Like a Snowball: Let Shanghai Stock Market Index Make Your Money Work for You

Image Source: pexels

Is investing difficult? For many people, the answer is yes.

A common saying in the Chinese stock market is: “Seven lose, two break even, one profits.” This means making money by directly trading individual stocks is not easy.

But in fact, you have a simpler way to make your money work for you. Investing in index funds is not difficult at all—just three steps:

  1. Choose a core Shanghai market index (such as CSI 300).
  2. Open Alipay or a securities app and search for the corresponding fund.
  3. Set up monthly automatic regular investments.

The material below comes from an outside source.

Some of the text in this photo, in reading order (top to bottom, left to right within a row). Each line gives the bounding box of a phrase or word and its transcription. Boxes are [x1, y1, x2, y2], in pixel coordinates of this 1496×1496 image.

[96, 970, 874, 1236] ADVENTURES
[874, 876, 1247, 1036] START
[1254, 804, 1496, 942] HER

This is as simple as setting up automatic monthly utility bill payments, allowing you to easily start your investment journey.

Key Points

  • Investing in index funds is very simple—just three steps: choose a Shanghai market index, search for the fund, and set up monthly automatic regular investments.
  • Index funds help you diversify risks with low investment costs, making it worry-free and effortless.
  • For beginners investing in Shanghai market indices, CSI 300 is a better choice—it represents the overall development of China’s economy.
  • When choosing index funds, look for those with small tracking errors, large fund scales, and low fees.
  • Persisting in regular investments is key to long-term investing—it helps you overcome market fluctuations and accumulate wealth.

Why Index Funds Are the Preferred Choice for Ordinary People?

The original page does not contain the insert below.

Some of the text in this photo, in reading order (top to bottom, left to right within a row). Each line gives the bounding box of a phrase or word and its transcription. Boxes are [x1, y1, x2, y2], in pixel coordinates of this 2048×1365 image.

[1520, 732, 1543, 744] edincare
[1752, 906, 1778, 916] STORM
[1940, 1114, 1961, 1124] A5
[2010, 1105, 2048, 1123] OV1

Why Index Funds Are the Preferred Choice for Ordinary People?

Image Source: unsplash

You might ask, why index funds instead of buying stocks yourself? The answer is simple—because they solve the two most troublesome problems in investing for you: the difficulty of stock selection and high costs.

Diversify Risks with Low Costs

Imagine buying stocks yourself is like putting all your eggs in one basket. If the company performs poorly, your investment could suffer heavy losses.

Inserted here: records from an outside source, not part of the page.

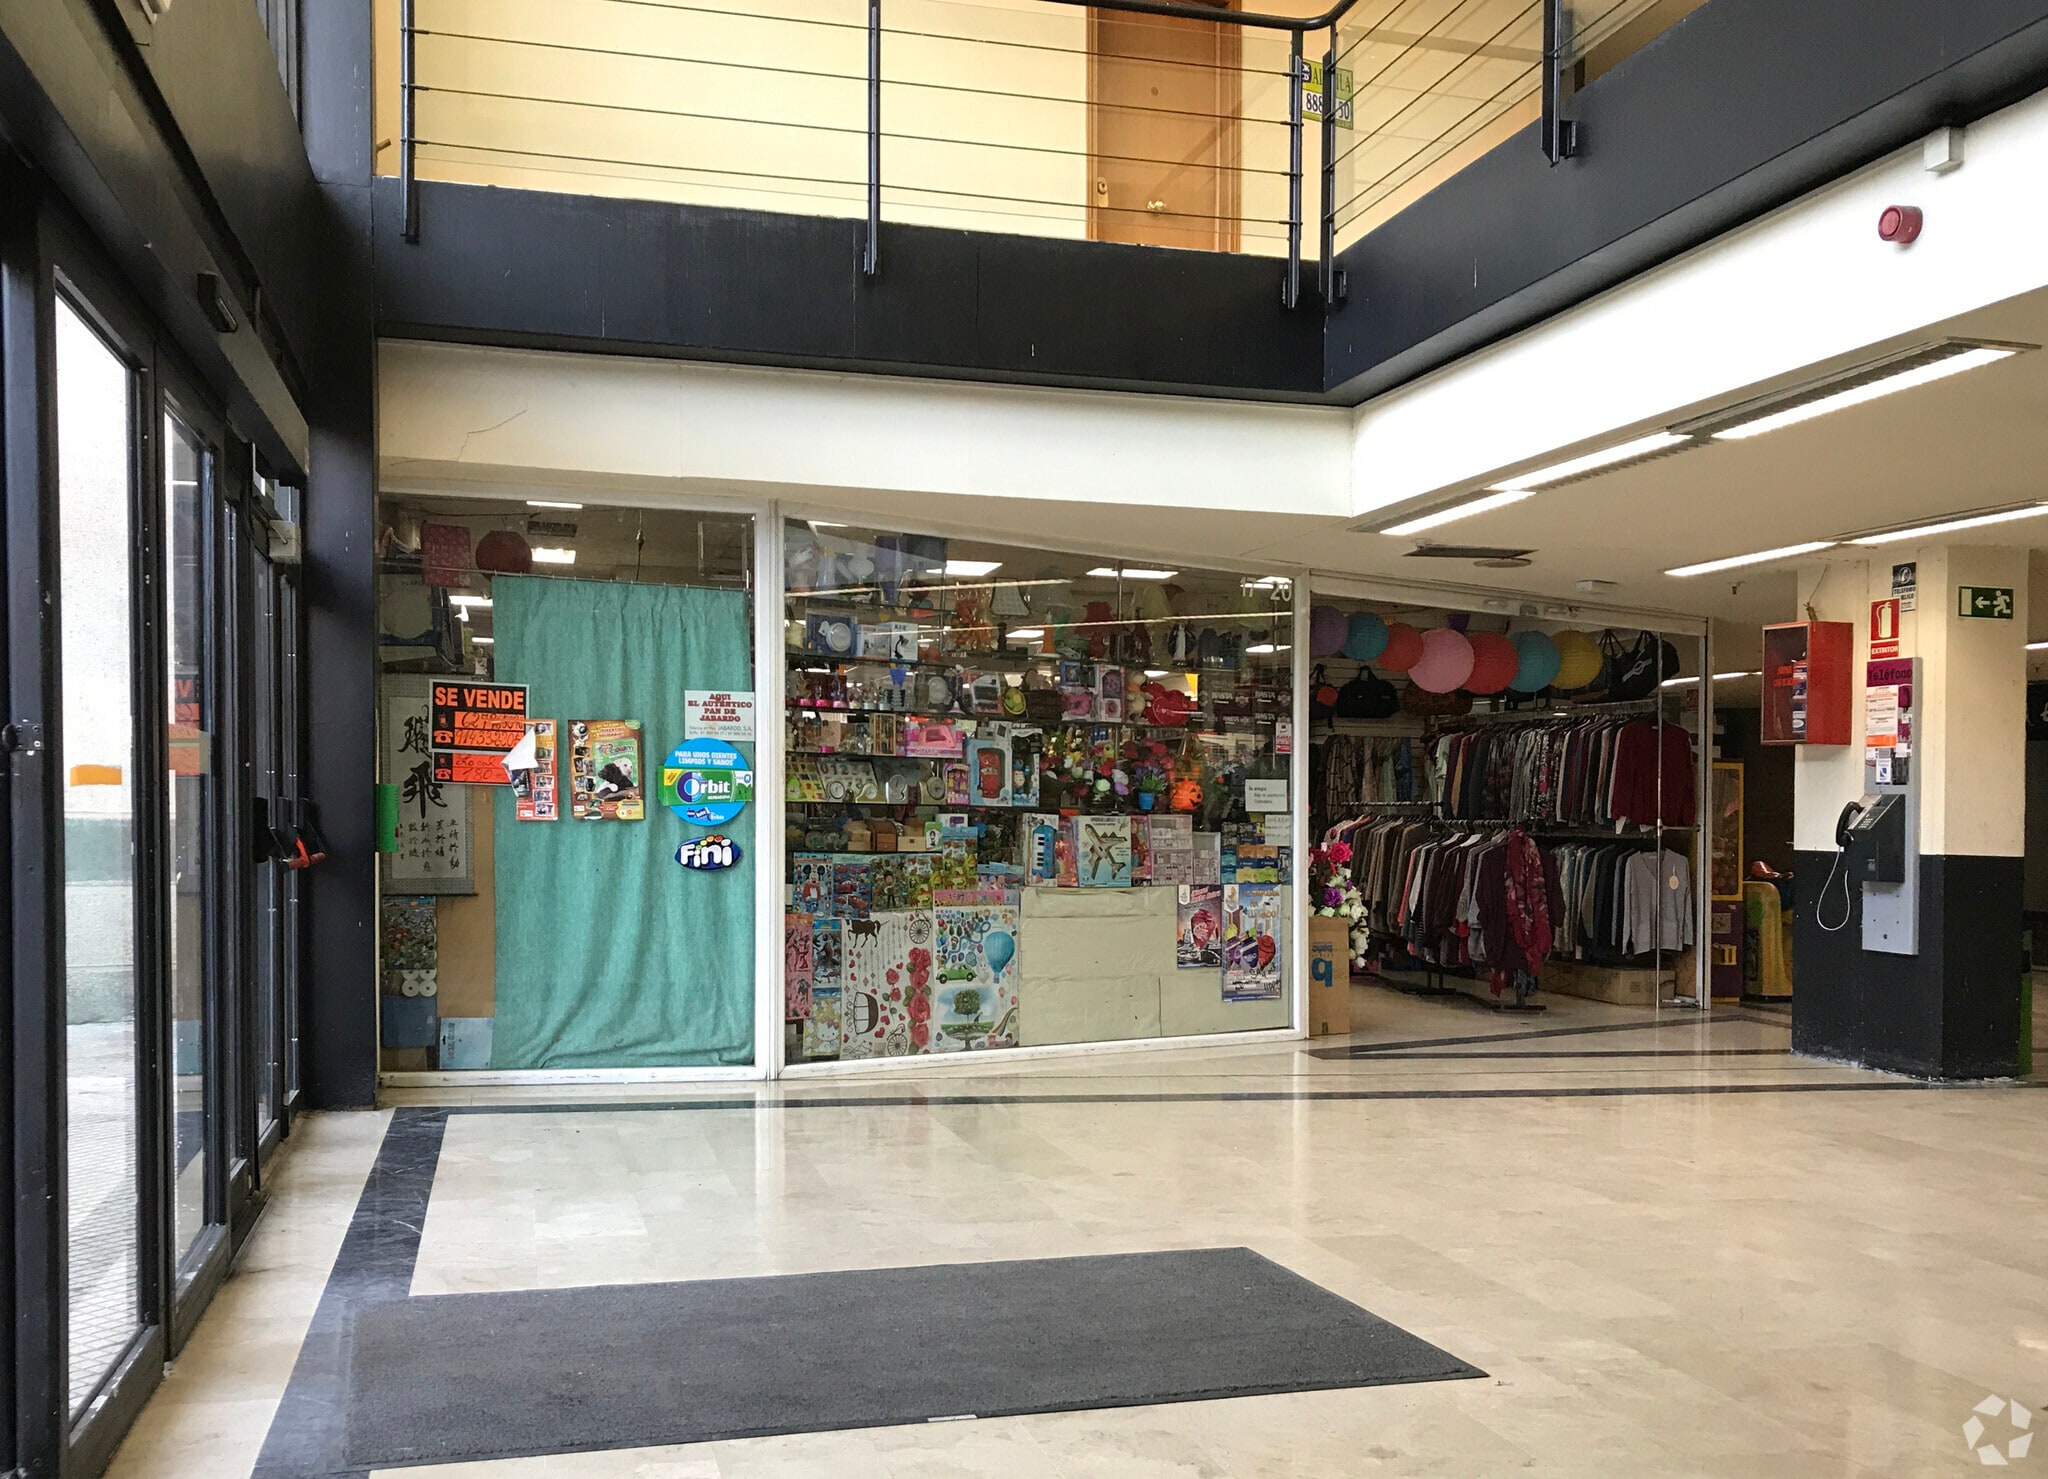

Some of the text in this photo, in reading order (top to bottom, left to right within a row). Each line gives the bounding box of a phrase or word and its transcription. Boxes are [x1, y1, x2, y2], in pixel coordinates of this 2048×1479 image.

[1240, 576, 1292, 601] 17 20
[1871, 645, 1898, 655] EXTINTOR
[435, 686, 525, 710] SE VENDE
[711, 752, 737, 760] DIENTES
[680, 839, 733, 868] Fini

Index funds are completely different. They are equivalent to helping you buy a “basket” of high-quality company stocks. For example, a CSI 300 index fund lets you hold shares in the 300 largest and most liquid companies in China’s A-share market at once. This way, the impact of individual stock price fluctuations on your overall investment becomes very small, greatly diversifying risks.

Investment Tip: Buying an index is buying national fortune. You are no longer investing in a single company but in the growth potential of China’s entire economy.

More importantly, index funds have very low costs. Investing in any fund requires paying management fees and custody fees, but index funds have clear advantages in this regard.

Fund Type Management Fee Rate (Annual) Custody Fee Rate (Annual)
Active Equity Funds About 1.2% About 0.2%
Passive Index Funds About 0.5% or lower About 0.1% or lower

Don’t underestimate this difference of less than 1% per year. Under the compound interest effect of “rolling profits,” persisting long-term with lower fees means you can keep more returns in your pocket.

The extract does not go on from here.